### [Records from a dataset]

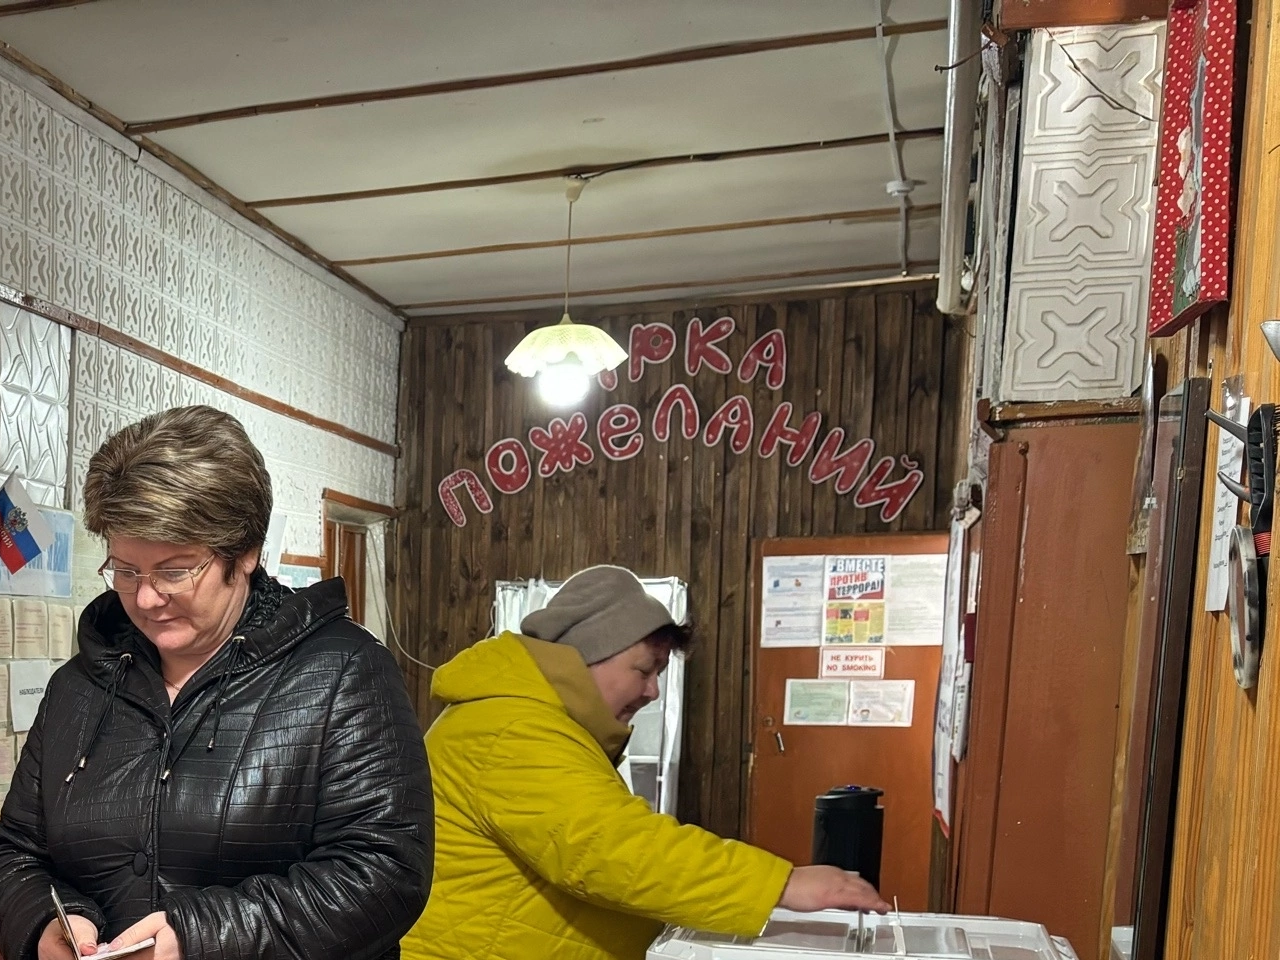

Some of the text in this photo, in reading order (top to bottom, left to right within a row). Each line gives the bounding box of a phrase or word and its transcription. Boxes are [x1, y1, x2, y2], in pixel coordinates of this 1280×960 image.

[599, 316, 786, 391] РКА
[836, 557, 885, 572] ВМЕСТЕ
[830, 572, 867, 586] ПРОТИВ
[836, 580, 880, 596] ТЕРРОРА!
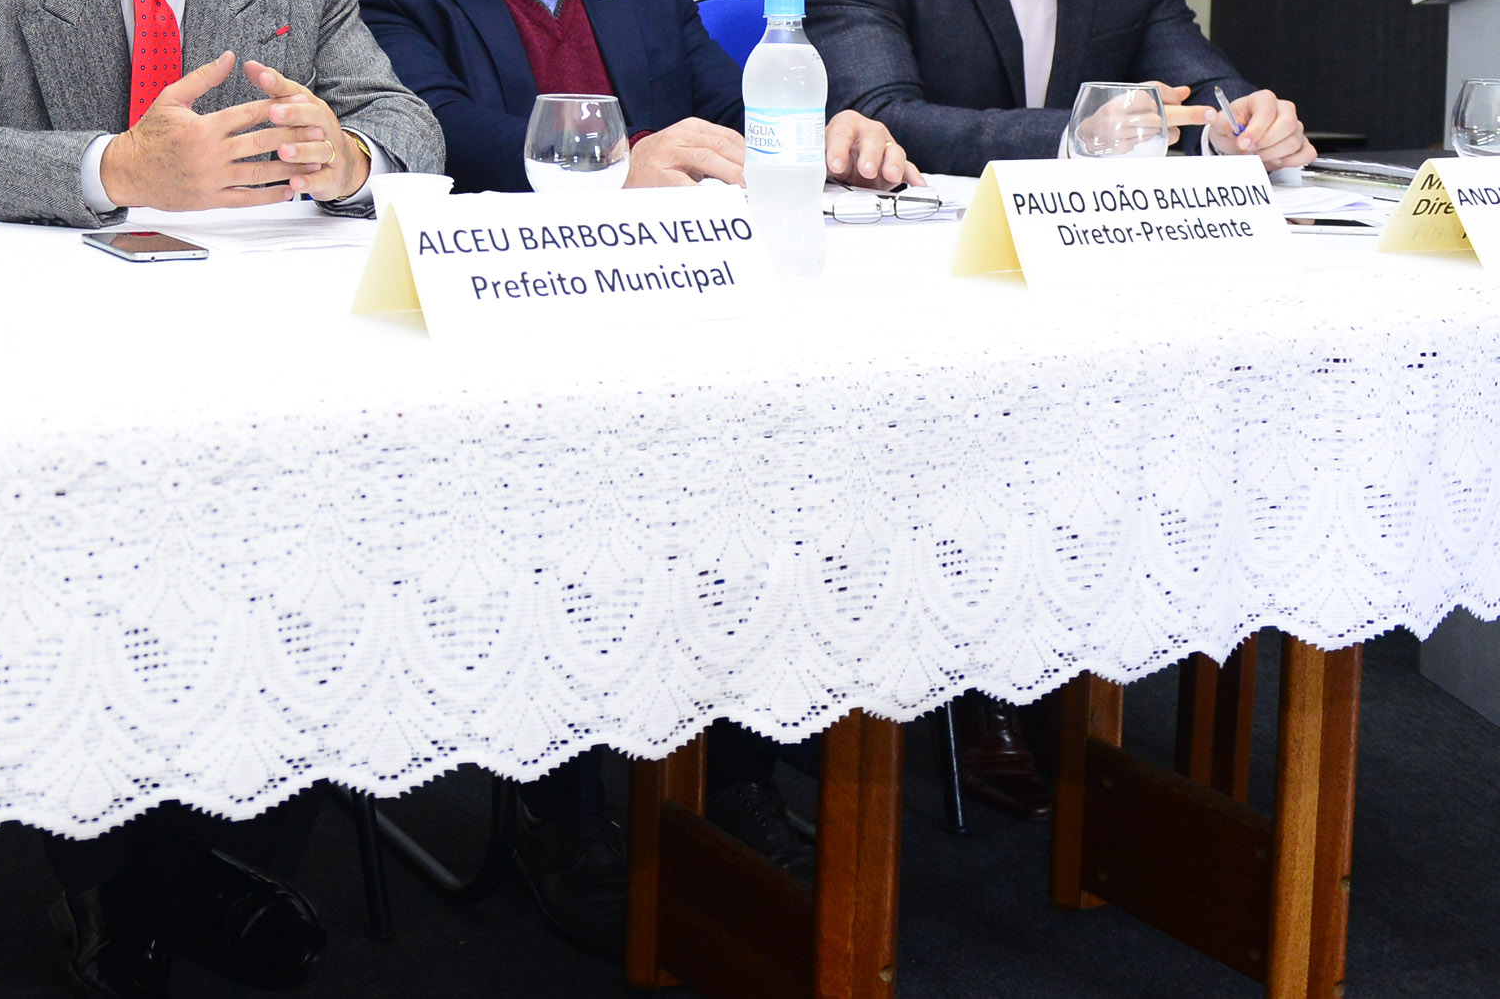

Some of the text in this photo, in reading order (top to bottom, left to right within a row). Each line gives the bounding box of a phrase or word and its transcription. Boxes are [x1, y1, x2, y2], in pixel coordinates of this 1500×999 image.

[1012, 184, 1271, 216] PAULO JOÃO BALLARDIN
[1411, 197, 1455, 216] Dire
[1457, 187, 1500, 206] AND
[418, 216, 754, 256] ALCEU BARBOSA VELHO
[1056, 217, 1255, 247] Diretor-Presidente
[470, 260, 736, 300] Prefeito Municipal

### [THE PROBLEM]
Please transcribe every entry above exactly, leaving out any pictures.

### [ANSWER BOX]
Some of the text in this photo, in reading order (top to bottom, left to right within a row). Each line gives the bounding box of a phrase or word and its transcription. Boxes are [x1, y1, x2, y2], in pixel coordinates of this 1280×960 image.

[599, 316, 786, 391] РКА
[836, 557, 885, 572] ВМЕСТЕ
[830, 572, 867, 586] ПРОТИВ
[836, 580, 880, 596] ТЕРРОРА!

Some of the text in this photo, in reading order (top to bottom, left to right within a row). Each line gives the bounding box of a phrase or word and its transcription. Boxes are [x1, y1, x2, y2], in pixel coordinates of this 1500×999 image.

[1012, 184, 1271, 216] PAULO JOÃO BALLARDIN
[1411, 197, 1455, 216] Dire
[1457, 187, 1500, 206] AND
[418, 216, 754, 256] ALCEU BARBOSA VELHO
[1056, 217, 1255, 247] Diretor-Presidente
[470, 260, 736, 300] Prefeito Municipal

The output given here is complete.